Los compañeros no videntes son personas como todas las demás. Seguro que tienen una sensibilidad especial para la música. También son ricos por la simplicidad, por ser personas de una gran riqueza humana.

¿Qué fue lo mejor que te dio Tribo de Jah en estos veinte años?
Es algo que no tiene precio, es una legión de fans, admiradores, hermanos y amigos en muchas partes del mundo. Eso nos ha traído también la conciencia de que el mundo es nuestra patria, nuestra raza es la raza humana, y creemos que el amor es el idioma que todos deberíamos hablar. Son muchos los lugares donde nos sentimos en casa, ya que viajamos constantemente y casi no podemos quedar en la nuestra. Pero somos recibidos en muchos lugares con un cariño y un respeto muy especial, y eso nos hace sentirnos en casa también.

¿Cómo se sienten cuando tocan en lugares donde todavía no son tan conocidos?
En esas horas hay que superarse para presentar algo convincente, que se pueda tocar realmente con el corazón y que logre despertar los sentidos del público. No es una misión tan fácil pero la idea es siempre dar lo mejor de nosotros en todas las situaciones. En general, Tribo fue muy bien recibida en muchos países diferentes, en grandes festivales o en pequeñas casas.

¿Qué recordás de Buenos Aires?
Me acuerdo bien del recital que hicimos algún tiempo atrás en Museum. Fue un show que se pareció mucho a los que hacemos en Brasil. El público era extremamente vibrante, fue un espectáculo muy caliente que nos sorprendió a todos. El público argentino es muy pasional y creo que esa es una cualidad que los brasileros también tienen.

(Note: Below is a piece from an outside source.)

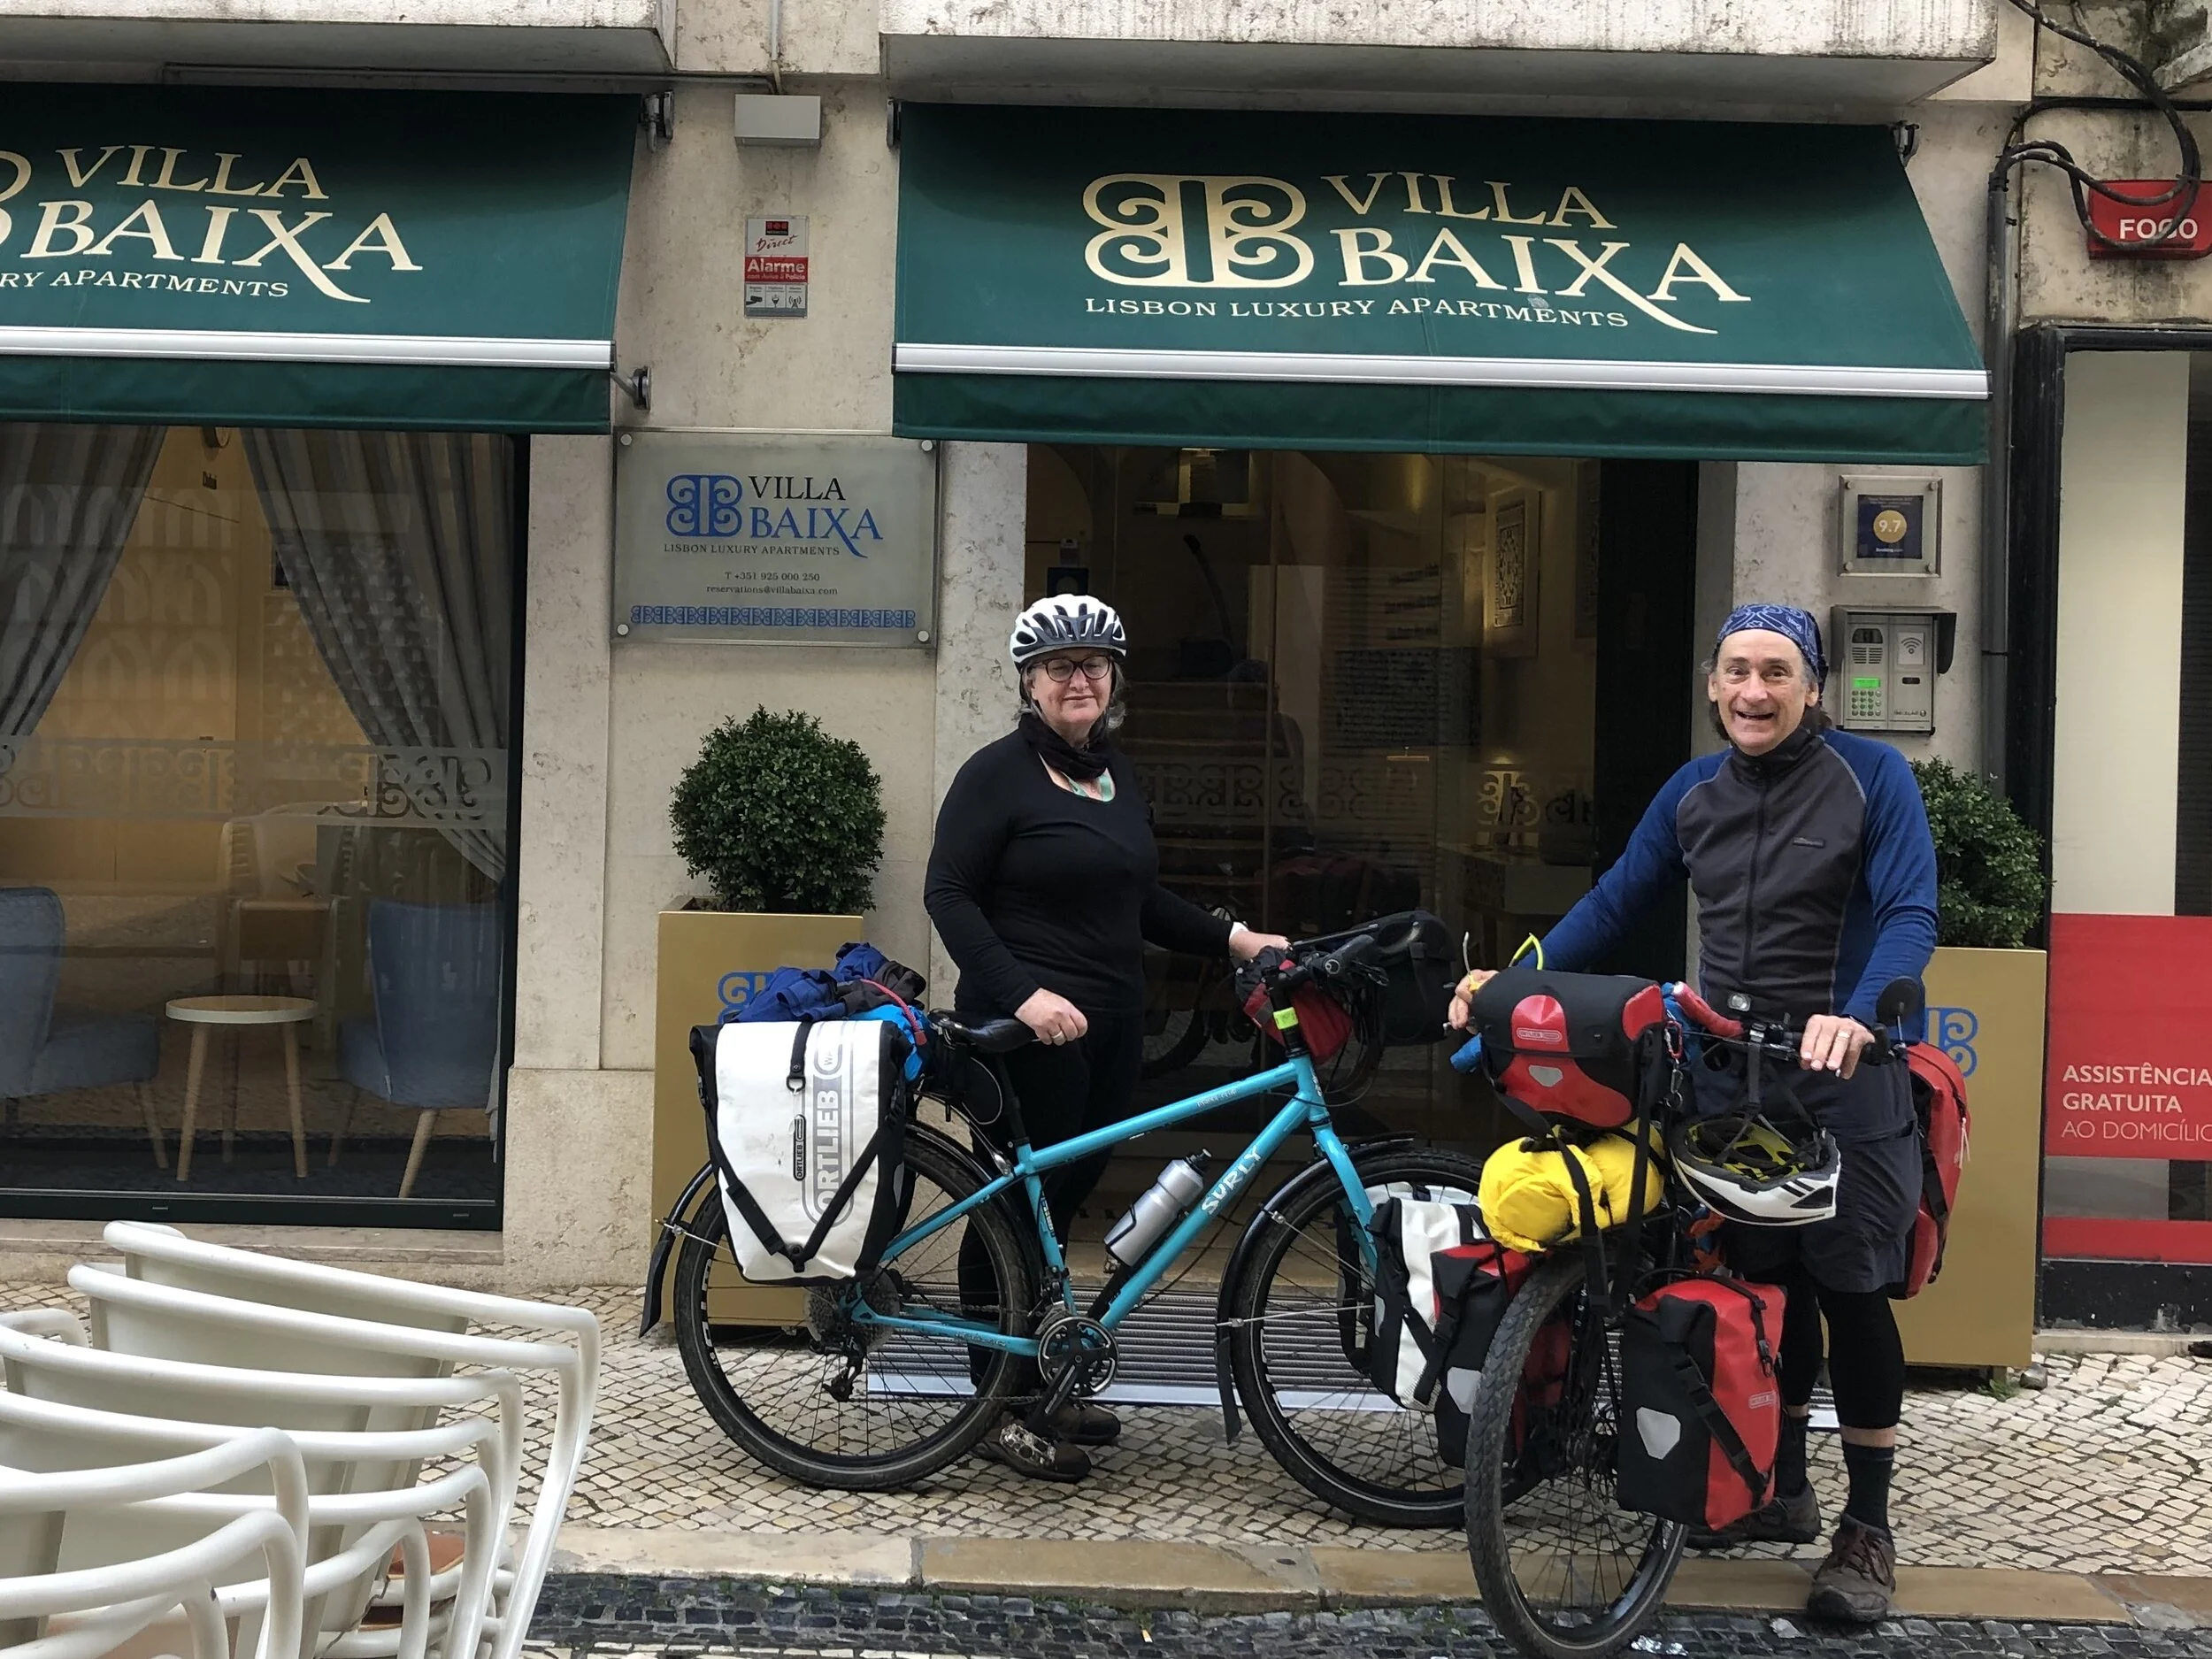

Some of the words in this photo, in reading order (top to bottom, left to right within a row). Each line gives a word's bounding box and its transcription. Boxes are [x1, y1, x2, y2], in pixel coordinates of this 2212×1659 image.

Después de veinte años, ¿cómo hacen para no caer en repeticiones?
La inspiración es siempre infinita, en cuanto vivimos debemos estar siempre inspirados por el amor divino, el amor universal. Los últimos discos que lanzamos (uno en portugués y otro en inglés) revelan todo lo que nos fue posible depurar en estos últimos 20 años de carrera. Tenemos la conciencia que hicimos lo mejor, que dominamos el sonido que buscamos y que, seguramente, es el momento de madurez del grupo, en la música, en el mensaje, en el concepto final.  Las similitudes con los discos anteriores están en la propuesta original del grupo de hacer un reggae que mantiene fidelidad a su raíz del Maranhao, el estado de Brasil donde se ha originado el grupo. Allá hay una cultura reggae diferente de todo el mundo, algo muy propio, muy original. Pero sentimos ahora la necesidad de hacer también una música que pueda ser comprendida en todo el mundo, es casi un paradoja: mantener las raíces pero también globalizar la música.